How to Win Organic Traffic in the Age of AI Overviews and Zero Click Search

Ai overview result
02nd Feb 2026

A practical framework for sustainable growth

For many years, organic search followed a relatively predictable pattern. If a business ranked well for commercially relevant keywords, it could expect a steady flow of traffic, enquiries and revenue. The relationship between rankings and growth was direct and measurable.

That relationship is now far less linear.

Search engines increasingly answer questions directly within the results page, and AI driven systems summarise content before a user ever visits a website. Platforms such as Google, alongside answer engines like ChatGPT, Perplexity AI and Claude, are shaping how information is discovered and consumed.

Welcome to a zero click world.

As a result, many businesses are experiencing stable or even improving rankings while organic clicks decline. I have long maintained that the biggest single threat to a business built on SEO traffic is the decay of organic click through rate (CTR).

Informational traffic is being absorbed by AI summaries, attribution is becoming murkier, and brand visibility is increasingly happening outside of the traditional website visit.

Organic search has not become less important, but it has become more complex. Success now depends less on simply attracting clicks and more on being consistently visible, trusted and referenced wherever decisions are being made.

Using search console

Why rankings alone are no longer enough

Ranking highly still matters, but it no longer guarantees attention. Modern results pages are crowded with AI summaries, snippets, maps, shopping modules and other features that can push traditional results further down the page.
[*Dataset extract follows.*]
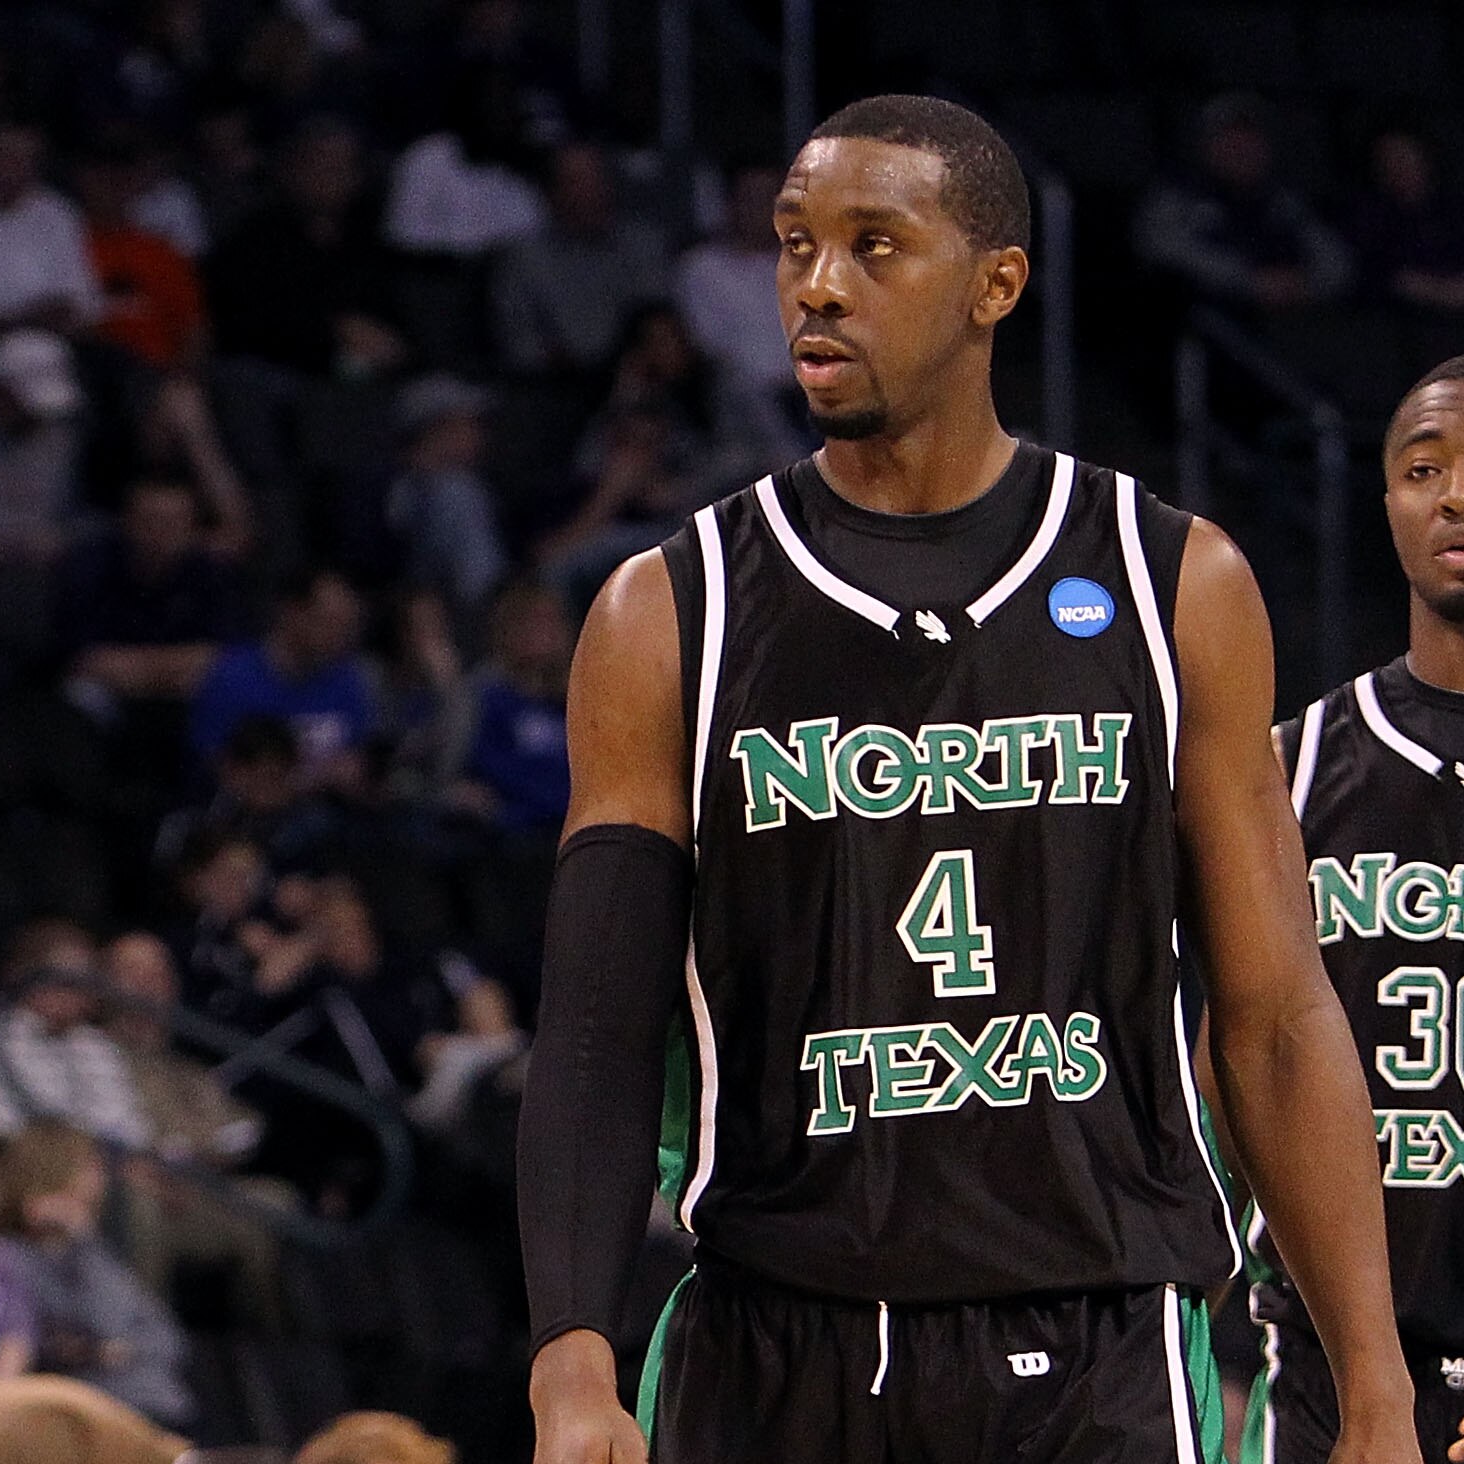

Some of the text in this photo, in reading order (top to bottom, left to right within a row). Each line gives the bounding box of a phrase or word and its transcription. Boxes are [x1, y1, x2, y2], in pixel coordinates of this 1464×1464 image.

This means that reporting purely on keyword positions or traffic volumes can create a false sense of progress. A page can rank first and still generate fewer visits than it would have just last year.

For leadership teams, the more relevant questions are now commercial rather than technical:

  • Are we visible to the right audience?
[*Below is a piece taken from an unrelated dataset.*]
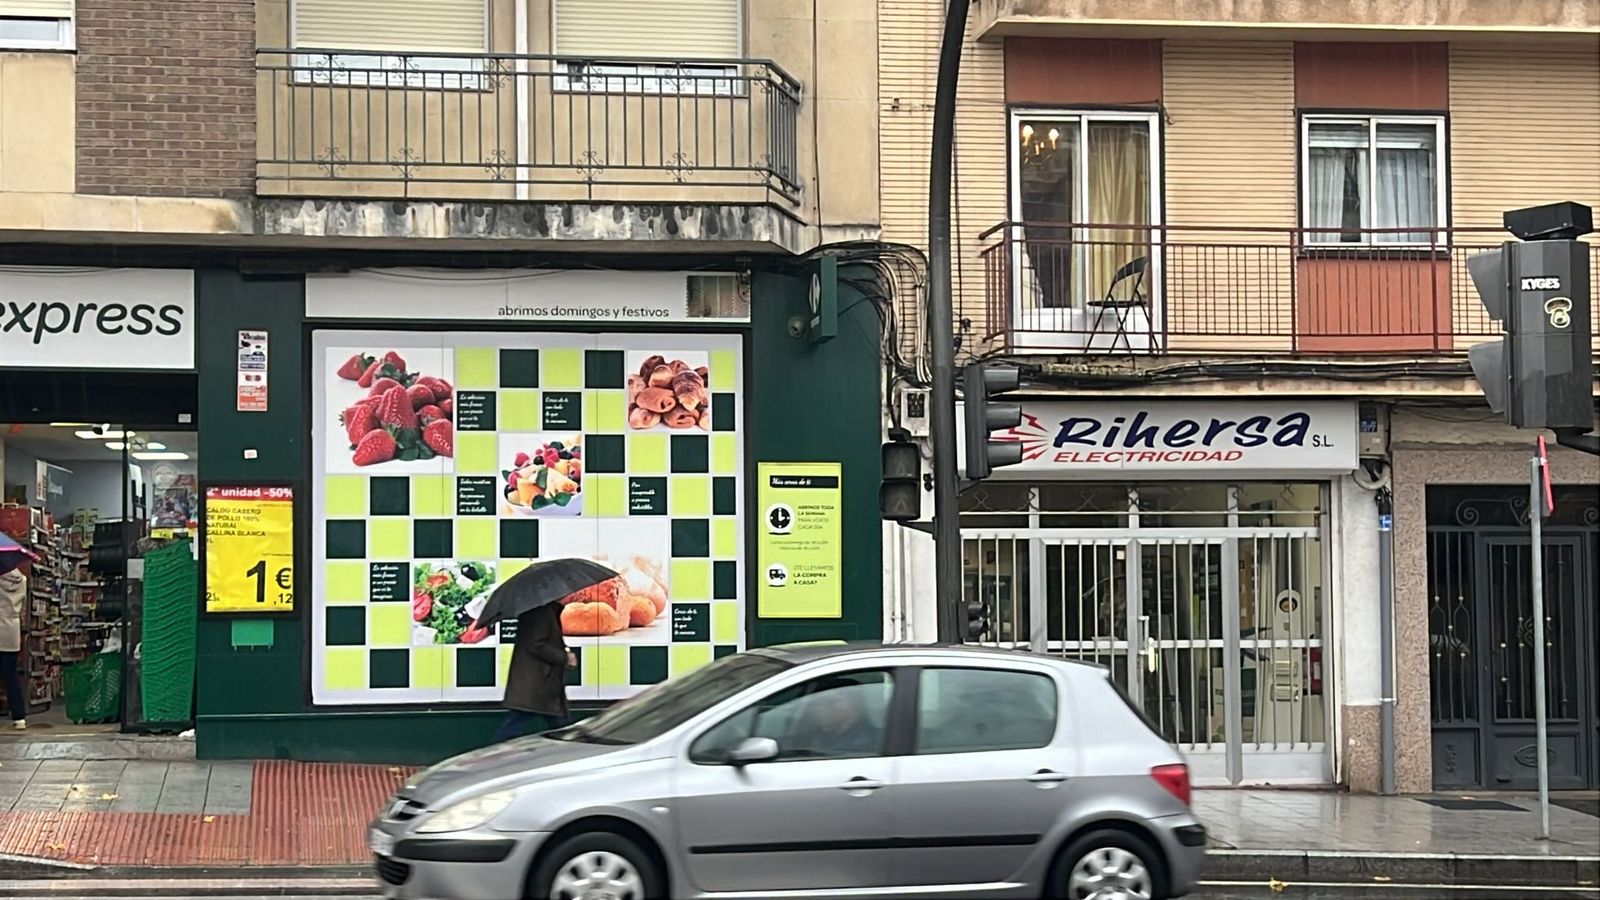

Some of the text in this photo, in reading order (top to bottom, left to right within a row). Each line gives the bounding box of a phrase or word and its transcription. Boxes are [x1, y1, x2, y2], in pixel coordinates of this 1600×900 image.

  • Are we perceived as credible?

  • Are we influencing buying decisions?

  • And ultimately, are we generating pipeline and revenue?

SEO strategies that focus narrowly on rankings tend to underperform in this new environment. Those that focus on authority, clarity and trust tend to compound over time.

A practical framework for modern organic growth

In our experience across high value sectors, the most resilient organic strategies share four common foundations. These layers work together. Weakness in one typically limits the effectiveness of the others.

1. Technical foundations

The first layer is technical hygiene. Search engines and AI systems need to be able to crawl, interpret and trust your website before anything else can happen. Issues such as poor architecture, slow performance, duplicate content or inconsistent indexing quietly undermine everything built on top.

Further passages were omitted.